Entre esses meios está a tecnologia. Por exemplo, a venda de poemas em formato NFT (Non Fungible Token), forma como a arte tem sido comercializada no mundo digital nos últimos tempos. Uma tecnologia que produz objetos únicos na era da reprodutibilidade técnica, como diria Walter Benjamin: gera algo como originais de coisas que podem ser replicados infinitamente. De uma imagem. De uma música. Ou um poema. Para isso, é utilizada tecnologia blockchain complexa. “Normalmente não entendemos como funcionam nossas células ou nosso iPhone, nem precisamos entender os detalhes de como funciona o blockchain... basta integrá-lo ao nosso dia a dia”, diz Caballero. A colombiana é uma das fundadoras da galeria digital de poesia theVERSEverse.

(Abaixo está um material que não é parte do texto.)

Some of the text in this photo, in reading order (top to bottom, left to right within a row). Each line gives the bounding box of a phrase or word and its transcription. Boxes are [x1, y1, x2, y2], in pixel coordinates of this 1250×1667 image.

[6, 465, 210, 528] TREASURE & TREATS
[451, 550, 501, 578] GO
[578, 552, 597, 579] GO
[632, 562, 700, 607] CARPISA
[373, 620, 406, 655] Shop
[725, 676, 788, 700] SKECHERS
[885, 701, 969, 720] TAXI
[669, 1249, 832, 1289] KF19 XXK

Assim, um poema pode ser replicado infinitamente na internet, mas apenas um deles é a obra de arte original. Caballero vendeu seu poema "Cord" na Sotheby's por 11 mil euros (cerca de R$ 63 mil) a um colecionador brasileiro que o levou em leilão. O texto, em inglês, de sua coleção de poemas "Mammal", explora as relações entre fenômenos biológicos e culturais, “entre a ecologia e as narrativas que criamos para explicá-la (e assim contê-la)”, segundo a autora. Foi a primeira vez que um texto de um poeta vivo foi vendido na famosa casa de leilões, além de manuscritos de autores canônicos como Emily Dickinson ou Walt Whitman. É um bom começo: a poesia nunca foi tão valorizada, pelo menos economicamente. “Com isso posso esperar viver da minha prática criativa”, afirma o poeta-artista.

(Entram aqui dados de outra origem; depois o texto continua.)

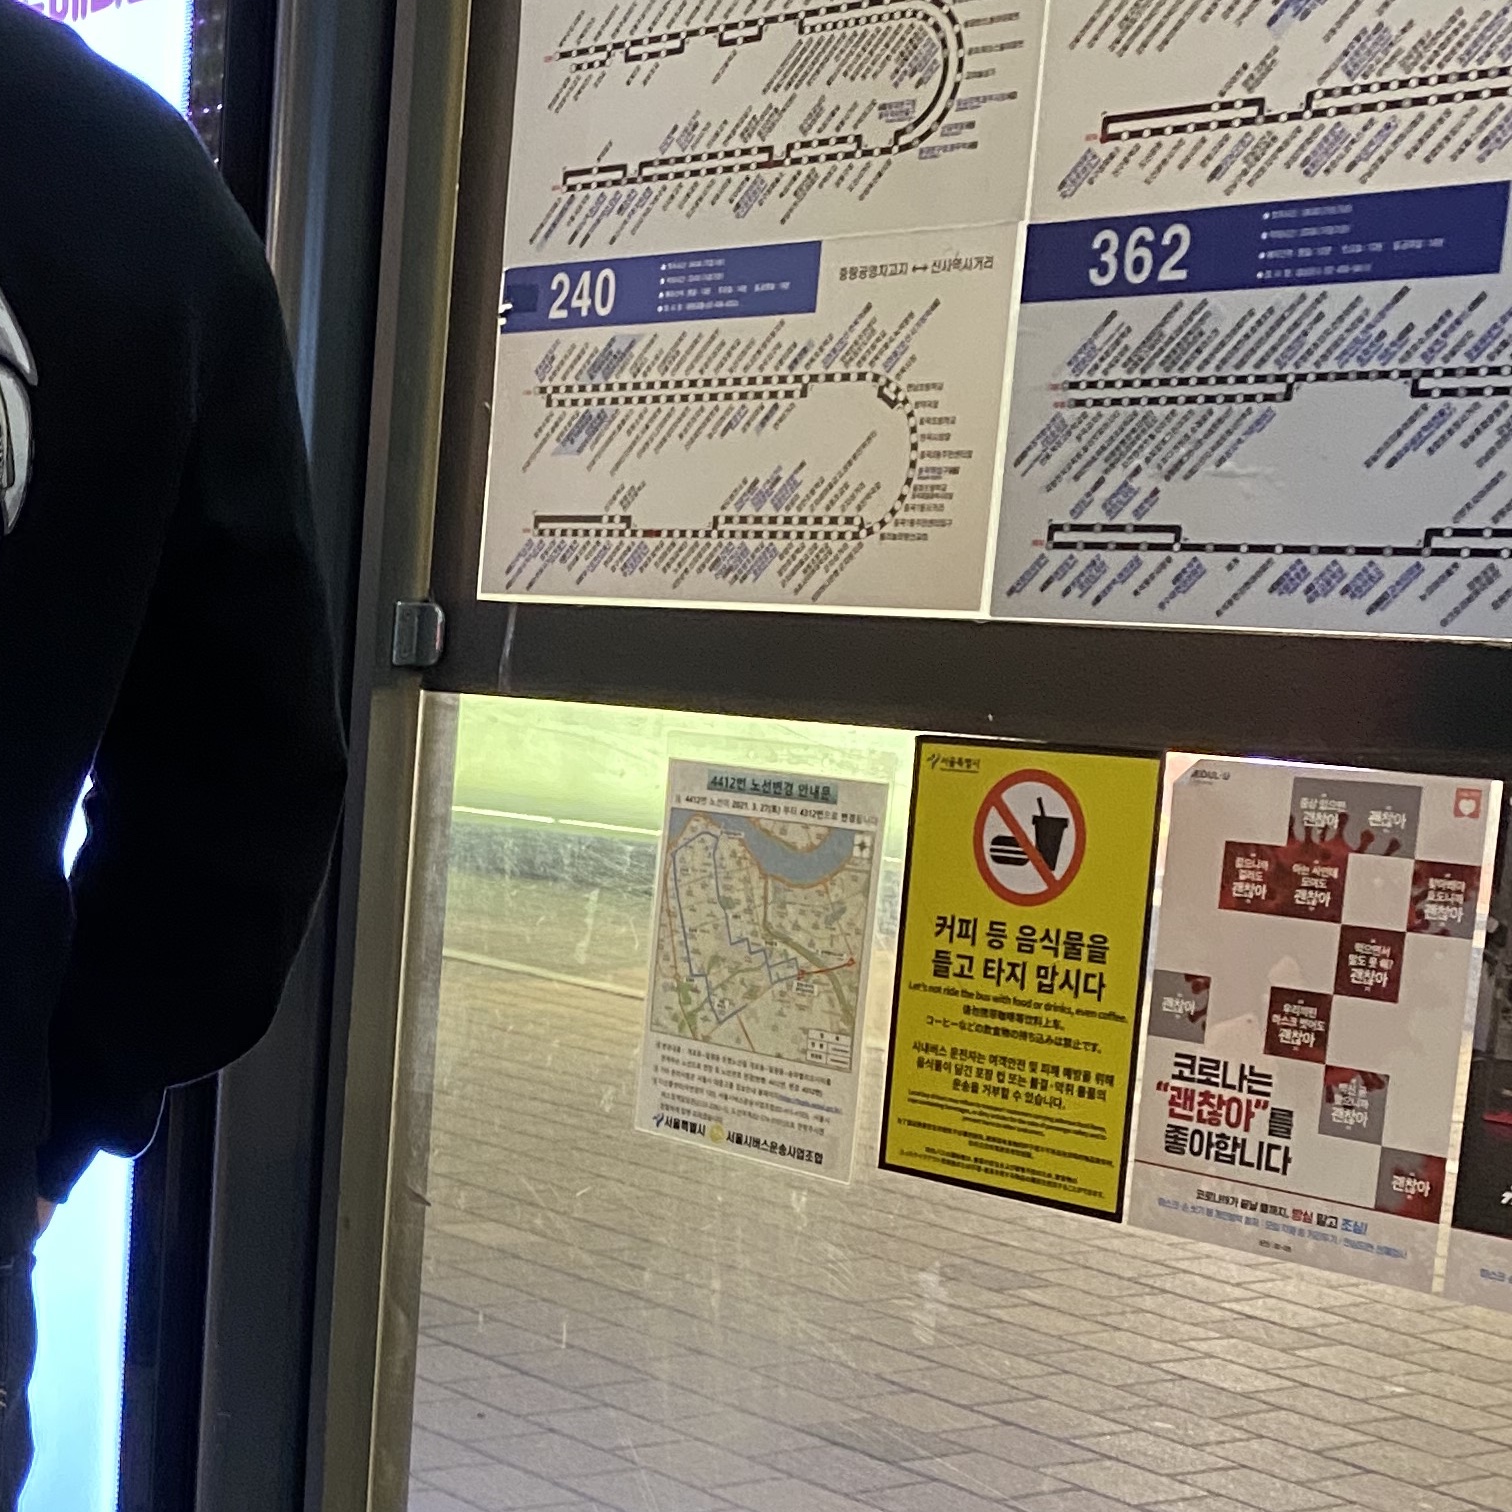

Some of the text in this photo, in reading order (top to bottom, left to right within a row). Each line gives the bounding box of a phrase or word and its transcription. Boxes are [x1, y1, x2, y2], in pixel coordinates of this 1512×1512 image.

[1089, 223, 1191, 286] 362
[548, 268, 616, 319] 240
[711, 774, 832, 801] 4412번 노선변경 안내문
[935, 914, 1109, 965] 커피 등 음식물을
[932, 949, 1106, 1002] 들고 타지 맙시다
[1171, 1052, 1273, 1098] 코로나는
[664, 1115, 824, 1165] 서울특별시 서울시버스운송사업조합
[1164, 1123, 1292, 1176] 좋아합니다
[1392, 1173, 1431, 1197] 괜찮아
[1291, 1208, 1313, 1224] 방심
[1341, 1218, 1368, 1235] 조심!

Caballero também segue os canais habituais do gênero, por exemplo, com a coletânea de poemas "Entre Domingo e Domingo" (edições Valparaíso), um livro em formato tradicional sobre a rotina da vida em várias cidades cidades, e com o qual ganhou o Prêmio Centro Nacional de Poesia José Manuel Arango na Colômbia. Seu livro "Mammal" ganhou o Prêmio de Poesia Steel Toe Books 2022. A videoperformance "Waiting Room", baseada num poema da coletânea, foi apresentada no dia 20 de maio no espaço madrileno Cupra City Garage.

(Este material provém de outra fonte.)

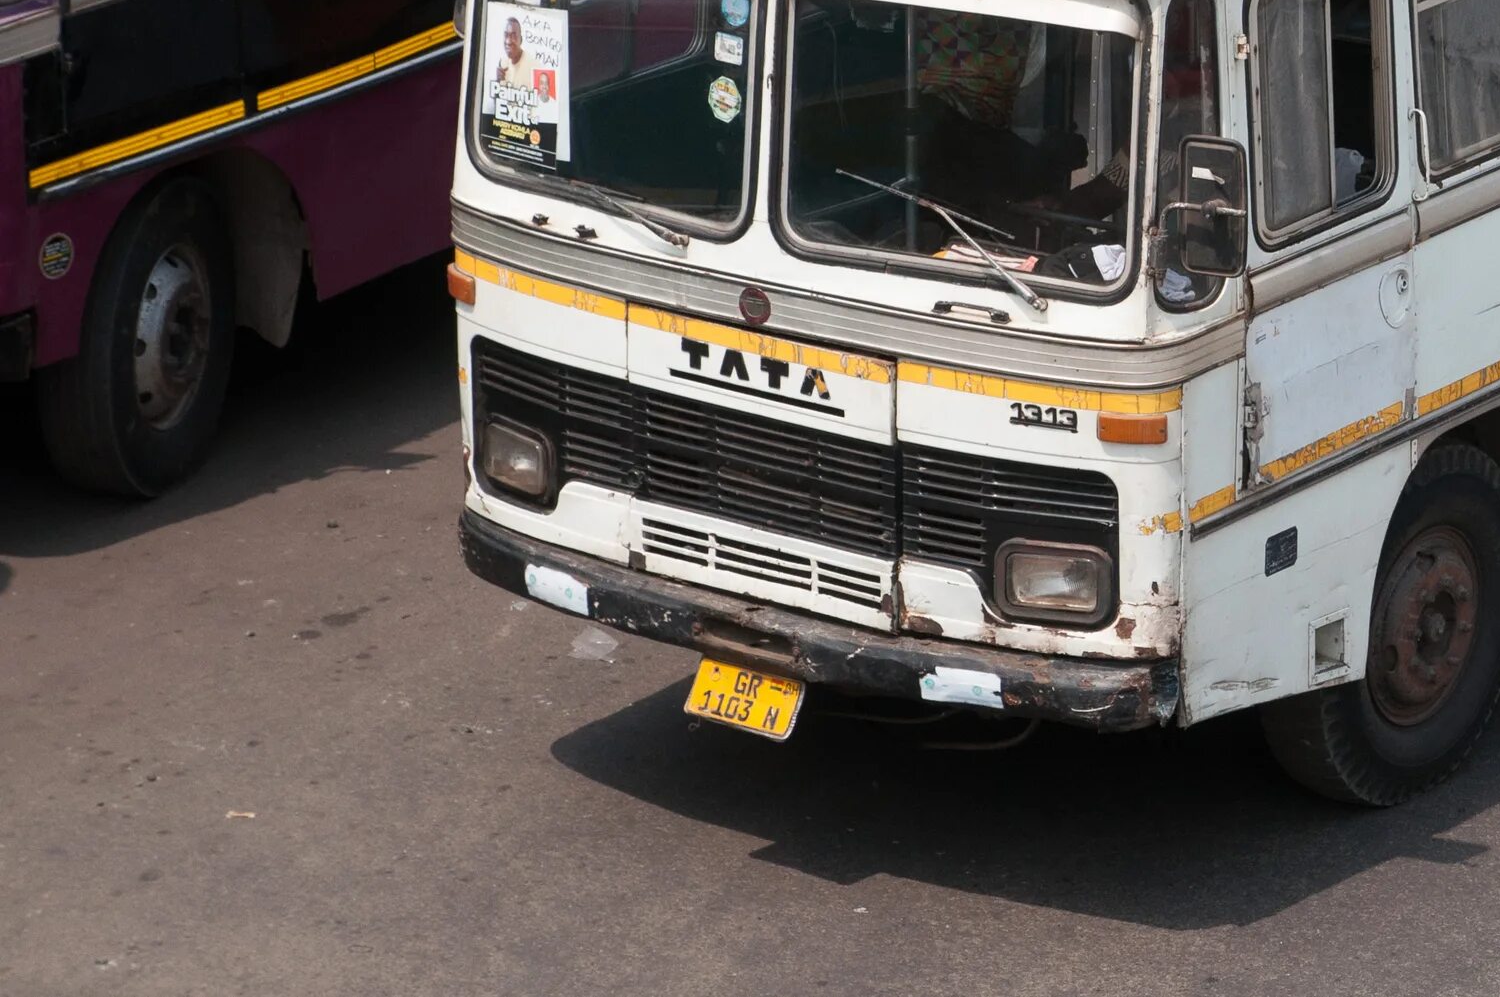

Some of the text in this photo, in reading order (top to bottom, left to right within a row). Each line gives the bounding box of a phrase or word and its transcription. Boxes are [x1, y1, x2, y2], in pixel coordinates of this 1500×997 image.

[522, 15, 552, 32] AKA
[525, 30, 563, 53] BONGO
[490, 80, 539, 107] Painful
[681, 336, 831, 401] TATA
[1009, 402, 1079, 431] 1313
[734, 671, 763, 699] GR
[698, 690, 754, 722] 1103

“Com a inteligência artificial, a linguagem se torna visual. A linguagem geralmente gera imagens na sua cabeça, mas não são imagens estáticas, como as permitidas pela IA. É uma inversão da forma como comumente interagimos com as imagens, descrevendo-as com palavras e não o contrário”, afirma a artista.

Outro de seus trabalhos com inteligência artificial generativa, baseada em performance, chama-se Paperwork. Durante seus recitais em 2023, em diversos lugares do mundo, Caballero convidou o público a escrever palavras em folhas de papel em resposta aos seus versos e reuniu essas palavras para criar esculturas, algo como poemas táteis e tridimensionais. Os artefatos são fichas, imagens semelhantes a moedas antigas, feitas com inteligência artificial cujas gravuras contam histórias relacionadas à vida doméstica, à gravidez, à família, mas de um ponto de vista contemporâneo que desafia a tradição e que contrasta com sua antiguidade e aparência.

O livro "O Desejo "contém apenas um poema, de mesmo nome, impresso 197 vezes nas suas páginas, e que só foi editado uma vez: é um livro único e que lhe confere uma qualidade mais escultural do que livresca. “Trata-se de refletir o valor cultural da poesia: isso gera uma certa noção de escassez na literatura, como se fosse uma peça única”, afirma a artista. Os GTN, como os propostos por Caballero, continuam a conquistar o seu lugar, no típico processo de liquidação que as novas tecnologias exigem. “Os colecionadores que não incluem NFTs em suas coleções estão perdendo um momento histórico, um Renascimento digital, uma interação em torno da arte que não existia. Até os museus estão começando a colecionar NFTs”, finaliza.